Verified identity frauds are related to breaching verification and authentication technologies to create assurance levels to perform fraud transactions. A KYC survey conducted by Thomson Reuters estimated that the KYC processes cost around $500 million each year. Also, it concluded that the KYC process is time-consuming, and the verification process is very tricky too. A verified identity is also a valuable commodity to the cybercriminals. The fact that the ID fraud plagues financial transactions with 2018 witnessed about a 55% increase in online fraud – clearly proves the point.

Synthetic IDs create “blended” identities patched together from fragments of data identification that are selected from data breaches. The initial months of 2019 saw about a 54% increase in data breaches – cybercriminals used the process of “channel separation” to conduct frauds. Channel separation is a process where the fraudsters take multiple pieces of ID data–e.g., names, Social Security numbers, birth dates –and mix them up to avoid doubt or detection.

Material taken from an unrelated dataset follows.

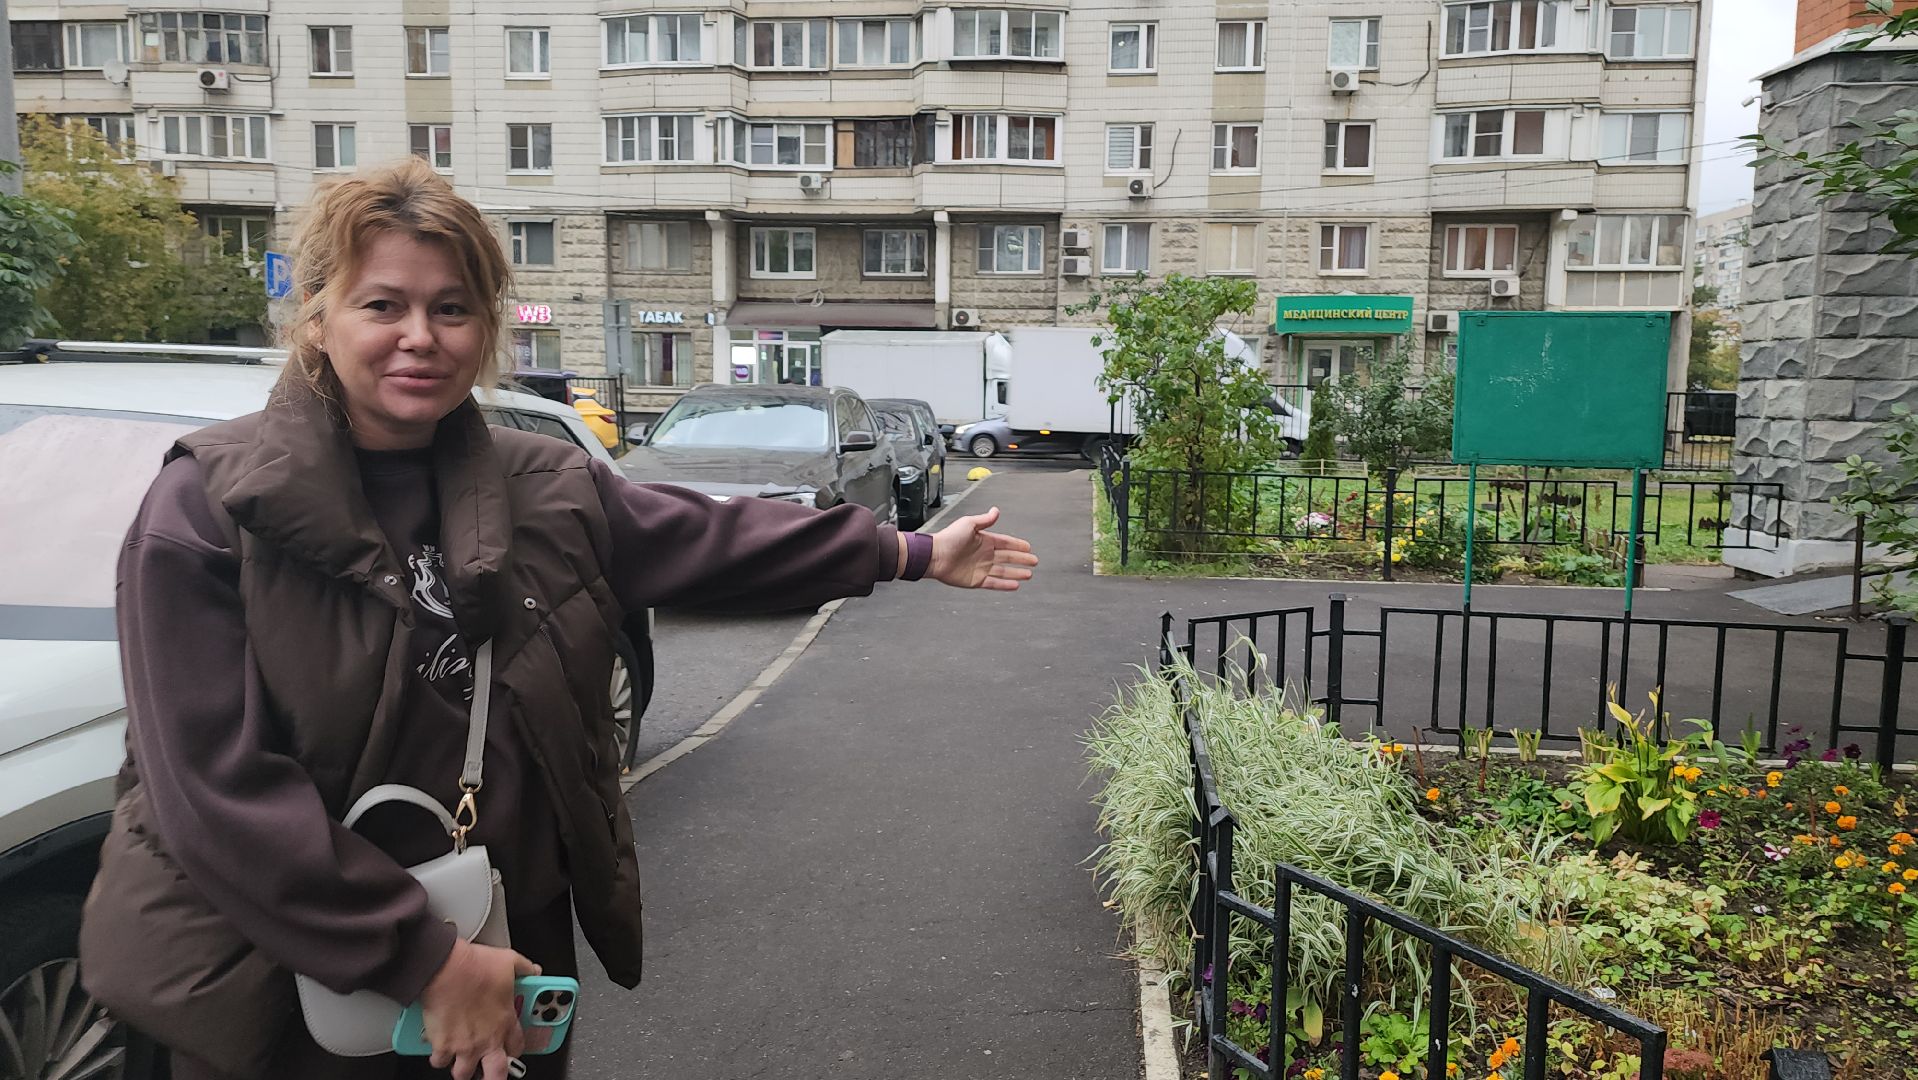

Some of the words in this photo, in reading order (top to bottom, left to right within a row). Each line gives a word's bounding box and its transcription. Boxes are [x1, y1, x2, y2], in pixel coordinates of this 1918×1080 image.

[516, 304, 552, 324] WB
[638, 310, 685, 324] ТАБАК
[1283, 306, 1372, 321] МЕДИЦИНСКИЙ
[1374, 309, 1408, 321] ЦЕНТР

From a fraud perspective, both verified and synthetic options seem lucrative and safe. But, if a cybercriminal uses a verified identity, the likelihood of success is more. So, it is essential to create verified identities robustly so that they are difficult to crack. This is a challenge to the service providers to maintain high assurance level IDs.

Facial recognition is also gaining popularity as voice and face are a natural fit for the consumer’s digital identity use cases. The reason for such popularity is that it enhances user experience and makes it fun too. However, biometrics is easy for fraudsters to crack. The Deepfakes can wreak havoc on the digital identity industry if the security systems are not rigorous enough.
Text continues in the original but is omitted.